- Episode poster, designed by Graham Humphreys
- Episode no.: Series 1 Episode 1
- Directed by: David Kerr
- Written by: Steve Pemberton and Reece Shearsmith
- Original air date: 5 February 2014
- Running time: 30 minutes

Guest appearances
- Katherine Parkinson as Rebecca; Tim Key as Ian; Luke Pasqualino as Lee; Ophelia Lovibond as Rachel; Anne Reid as Geraldine; Julian Rhind-Tutt as Mark; Anna Chancellor as Elizabeth; Marc Wootton as "Stinky" John; Ben Willbond as Jeremy; Timothy West as Andrew;

Episode chronology
| ← Previous — | Next → "A Quiet Night In" |

= Sardines (Inside No. 9) =

"Sardines" is the first episode of the first series of the British black comedy anthology series Inside No. 9. Written by Steve Pemberton and Reece Shearsmith, it premiered on BBC Two and BBC Two HD on 5 February 2014. In the episode, a group of adults play sardines at an engagement party. Rebecca, the bride-to-be, finds a boring man named Ian in a wardrobe; he introduces himself as a colleague of Jeremy, Rebecca's fiancé. The pair are subsequently joined by family, friends and colleagues of Rebecca and Jeremy. As more people enter the room and step into the wardrobe, secrets shared by some of the characters are revealed, with various allusions to incestuous relationships, child abuse, and adultery. The humour is both dark and British, with references to past unhappiness and polite but awkward interactions.
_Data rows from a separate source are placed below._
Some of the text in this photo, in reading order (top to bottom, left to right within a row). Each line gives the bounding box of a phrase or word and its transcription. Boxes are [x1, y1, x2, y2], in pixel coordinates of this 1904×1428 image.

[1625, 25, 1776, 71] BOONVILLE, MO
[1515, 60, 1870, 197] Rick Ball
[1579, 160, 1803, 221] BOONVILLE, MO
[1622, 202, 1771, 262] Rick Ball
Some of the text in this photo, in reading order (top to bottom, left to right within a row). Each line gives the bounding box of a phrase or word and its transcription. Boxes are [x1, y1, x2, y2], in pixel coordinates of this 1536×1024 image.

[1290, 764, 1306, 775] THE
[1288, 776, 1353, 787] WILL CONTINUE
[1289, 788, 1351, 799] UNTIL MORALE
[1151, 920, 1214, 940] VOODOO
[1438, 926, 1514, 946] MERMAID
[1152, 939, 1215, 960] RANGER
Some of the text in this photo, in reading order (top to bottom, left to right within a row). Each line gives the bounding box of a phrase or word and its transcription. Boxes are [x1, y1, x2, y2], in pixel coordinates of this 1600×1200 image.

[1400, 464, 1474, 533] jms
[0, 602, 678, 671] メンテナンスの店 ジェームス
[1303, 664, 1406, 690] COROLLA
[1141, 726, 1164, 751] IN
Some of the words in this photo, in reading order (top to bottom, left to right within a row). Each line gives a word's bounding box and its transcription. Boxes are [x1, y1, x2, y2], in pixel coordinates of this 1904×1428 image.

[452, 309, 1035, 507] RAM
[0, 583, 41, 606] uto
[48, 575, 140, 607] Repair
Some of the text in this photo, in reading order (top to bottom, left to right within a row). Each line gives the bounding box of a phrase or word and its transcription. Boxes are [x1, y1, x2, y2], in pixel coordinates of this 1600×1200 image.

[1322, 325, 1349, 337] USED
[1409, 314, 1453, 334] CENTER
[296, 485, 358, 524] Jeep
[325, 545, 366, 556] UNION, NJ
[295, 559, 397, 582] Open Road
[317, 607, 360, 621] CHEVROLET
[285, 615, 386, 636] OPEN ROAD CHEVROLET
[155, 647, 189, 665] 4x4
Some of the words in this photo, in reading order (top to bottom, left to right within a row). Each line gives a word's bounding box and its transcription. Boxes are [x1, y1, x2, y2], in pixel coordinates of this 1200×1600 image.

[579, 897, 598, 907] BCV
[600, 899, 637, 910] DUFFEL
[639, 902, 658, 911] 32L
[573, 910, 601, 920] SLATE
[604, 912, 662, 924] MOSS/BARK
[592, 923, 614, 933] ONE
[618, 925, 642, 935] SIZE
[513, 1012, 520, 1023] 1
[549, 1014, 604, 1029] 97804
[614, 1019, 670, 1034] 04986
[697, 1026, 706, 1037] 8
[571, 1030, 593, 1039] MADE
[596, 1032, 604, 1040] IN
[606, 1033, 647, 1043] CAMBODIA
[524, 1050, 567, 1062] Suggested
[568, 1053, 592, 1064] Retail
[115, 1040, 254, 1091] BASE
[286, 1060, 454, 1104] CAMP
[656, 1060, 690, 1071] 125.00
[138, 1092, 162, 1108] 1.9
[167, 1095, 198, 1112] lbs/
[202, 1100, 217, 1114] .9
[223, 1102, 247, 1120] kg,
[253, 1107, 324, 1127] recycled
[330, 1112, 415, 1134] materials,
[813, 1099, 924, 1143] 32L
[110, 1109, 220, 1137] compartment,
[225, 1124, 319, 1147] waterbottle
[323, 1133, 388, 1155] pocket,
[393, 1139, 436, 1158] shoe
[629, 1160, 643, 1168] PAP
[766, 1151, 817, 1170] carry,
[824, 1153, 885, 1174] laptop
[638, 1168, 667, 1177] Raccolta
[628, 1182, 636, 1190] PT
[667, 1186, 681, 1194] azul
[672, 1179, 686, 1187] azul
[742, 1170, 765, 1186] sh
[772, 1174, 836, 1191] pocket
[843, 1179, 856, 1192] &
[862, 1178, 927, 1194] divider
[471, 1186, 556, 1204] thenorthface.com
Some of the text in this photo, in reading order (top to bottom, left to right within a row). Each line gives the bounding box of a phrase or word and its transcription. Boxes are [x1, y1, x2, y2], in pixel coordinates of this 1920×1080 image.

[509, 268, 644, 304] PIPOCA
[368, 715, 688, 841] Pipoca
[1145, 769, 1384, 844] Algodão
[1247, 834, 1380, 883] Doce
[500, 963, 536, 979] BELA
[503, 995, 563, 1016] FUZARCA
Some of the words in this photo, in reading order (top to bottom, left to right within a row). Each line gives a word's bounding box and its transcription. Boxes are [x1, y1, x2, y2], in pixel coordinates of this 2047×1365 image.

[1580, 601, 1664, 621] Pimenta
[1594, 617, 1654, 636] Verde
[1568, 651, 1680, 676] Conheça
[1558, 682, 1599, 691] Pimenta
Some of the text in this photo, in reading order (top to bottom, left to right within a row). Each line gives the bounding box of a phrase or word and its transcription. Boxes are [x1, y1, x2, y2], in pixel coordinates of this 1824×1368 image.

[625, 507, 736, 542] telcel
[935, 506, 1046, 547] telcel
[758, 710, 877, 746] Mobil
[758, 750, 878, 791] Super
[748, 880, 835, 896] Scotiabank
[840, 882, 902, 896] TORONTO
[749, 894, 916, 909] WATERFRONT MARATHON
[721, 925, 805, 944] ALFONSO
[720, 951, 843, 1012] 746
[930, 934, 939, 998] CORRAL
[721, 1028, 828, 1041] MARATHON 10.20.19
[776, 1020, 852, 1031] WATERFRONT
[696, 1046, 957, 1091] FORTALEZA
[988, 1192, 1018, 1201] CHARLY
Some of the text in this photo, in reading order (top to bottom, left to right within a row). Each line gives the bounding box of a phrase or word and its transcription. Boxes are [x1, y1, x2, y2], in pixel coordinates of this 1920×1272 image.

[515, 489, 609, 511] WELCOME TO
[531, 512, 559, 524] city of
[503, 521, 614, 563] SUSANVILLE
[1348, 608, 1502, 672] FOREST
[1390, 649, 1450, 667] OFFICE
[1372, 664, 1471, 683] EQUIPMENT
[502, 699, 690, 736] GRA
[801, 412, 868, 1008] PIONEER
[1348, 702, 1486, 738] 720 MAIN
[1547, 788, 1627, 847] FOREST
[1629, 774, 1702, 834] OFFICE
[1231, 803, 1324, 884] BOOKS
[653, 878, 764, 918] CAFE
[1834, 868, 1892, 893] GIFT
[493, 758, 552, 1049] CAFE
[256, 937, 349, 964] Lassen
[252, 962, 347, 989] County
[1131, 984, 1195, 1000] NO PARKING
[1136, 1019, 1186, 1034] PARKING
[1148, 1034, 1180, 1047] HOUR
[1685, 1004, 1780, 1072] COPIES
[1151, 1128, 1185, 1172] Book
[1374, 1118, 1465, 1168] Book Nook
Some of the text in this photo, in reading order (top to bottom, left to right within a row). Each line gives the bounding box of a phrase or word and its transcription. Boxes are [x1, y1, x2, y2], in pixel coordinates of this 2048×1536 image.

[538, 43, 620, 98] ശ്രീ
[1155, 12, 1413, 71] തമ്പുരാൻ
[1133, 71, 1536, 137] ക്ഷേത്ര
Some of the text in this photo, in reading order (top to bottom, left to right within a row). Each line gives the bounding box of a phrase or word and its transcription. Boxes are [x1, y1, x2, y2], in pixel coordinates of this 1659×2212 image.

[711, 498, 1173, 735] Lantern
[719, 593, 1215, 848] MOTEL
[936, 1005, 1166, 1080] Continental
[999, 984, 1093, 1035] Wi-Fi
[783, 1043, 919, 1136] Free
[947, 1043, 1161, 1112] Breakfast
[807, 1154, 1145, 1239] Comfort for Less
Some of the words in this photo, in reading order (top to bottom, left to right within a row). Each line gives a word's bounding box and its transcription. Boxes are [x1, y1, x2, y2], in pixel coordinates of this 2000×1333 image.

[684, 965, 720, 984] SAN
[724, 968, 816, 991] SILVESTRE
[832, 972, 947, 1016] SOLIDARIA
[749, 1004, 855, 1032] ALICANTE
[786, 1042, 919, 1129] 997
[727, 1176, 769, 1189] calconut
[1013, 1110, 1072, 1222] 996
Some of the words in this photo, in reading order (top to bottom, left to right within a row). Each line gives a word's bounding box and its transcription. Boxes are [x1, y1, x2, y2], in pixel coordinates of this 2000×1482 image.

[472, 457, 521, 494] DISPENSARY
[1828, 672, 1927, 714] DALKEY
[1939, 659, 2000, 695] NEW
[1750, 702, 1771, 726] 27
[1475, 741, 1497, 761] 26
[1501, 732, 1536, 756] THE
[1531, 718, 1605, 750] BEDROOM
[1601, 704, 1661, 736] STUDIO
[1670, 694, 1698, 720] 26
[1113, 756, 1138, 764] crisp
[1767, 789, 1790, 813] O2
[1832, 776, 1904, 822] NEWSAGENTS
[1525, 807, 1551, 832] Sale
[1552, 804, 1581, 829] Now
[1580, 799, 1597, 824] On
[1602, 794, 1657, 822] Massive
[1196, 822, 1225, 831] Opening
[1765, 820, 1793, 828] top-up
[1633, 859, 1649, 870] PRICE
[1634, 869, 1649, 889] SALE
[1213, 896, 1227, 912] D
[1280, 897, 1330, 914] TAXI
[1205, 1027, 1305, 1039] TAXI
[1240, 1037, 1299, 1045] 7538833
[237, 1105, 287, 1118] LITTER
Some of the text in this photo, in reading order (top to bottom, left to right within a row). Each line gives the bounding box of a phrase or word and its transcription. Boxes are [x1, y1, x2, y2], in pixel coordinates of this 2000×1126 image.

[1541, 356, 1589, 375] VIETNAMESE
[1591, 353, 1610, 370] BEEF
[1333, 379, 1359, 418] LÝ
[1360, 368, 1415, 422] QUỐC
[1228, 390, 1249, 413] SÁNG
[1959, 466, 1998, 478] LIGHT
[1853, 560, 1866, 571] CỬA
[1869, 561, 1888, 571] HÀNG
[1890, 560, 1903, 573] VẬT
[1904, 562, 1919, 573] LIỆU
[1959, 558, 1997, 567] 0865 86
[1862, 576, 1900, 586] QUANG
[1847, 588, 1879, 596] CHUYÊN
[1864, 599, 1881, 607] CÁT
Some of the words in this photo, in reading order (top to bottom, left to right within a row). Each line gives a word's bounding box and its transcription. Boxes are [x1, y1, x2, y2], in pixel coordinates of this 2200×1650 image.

The story takes place entirely in the bedroom of a country house, with much of the filming taking place inside the wardrobe. Pemberton and Shearsmith wrote the episode with the intention of evoking a feeling of claustrophobia in viewers. In addition to the writers, the episode starred Katherine Parkinson, Tim Key, Luke Pasqualino, Ophelia Lovibond, Anne Reid, Julian Rhind-Tutt, Anna Chancellor, Marc Wootton, Ben Willbond and Timothy West. The cast and writing were praised by television critics, and the episode was chosen as pick of the day in a number of publications. On its first showing, "Sardines" was watched by 1.1 million viewers, which was 5.6% of the audience.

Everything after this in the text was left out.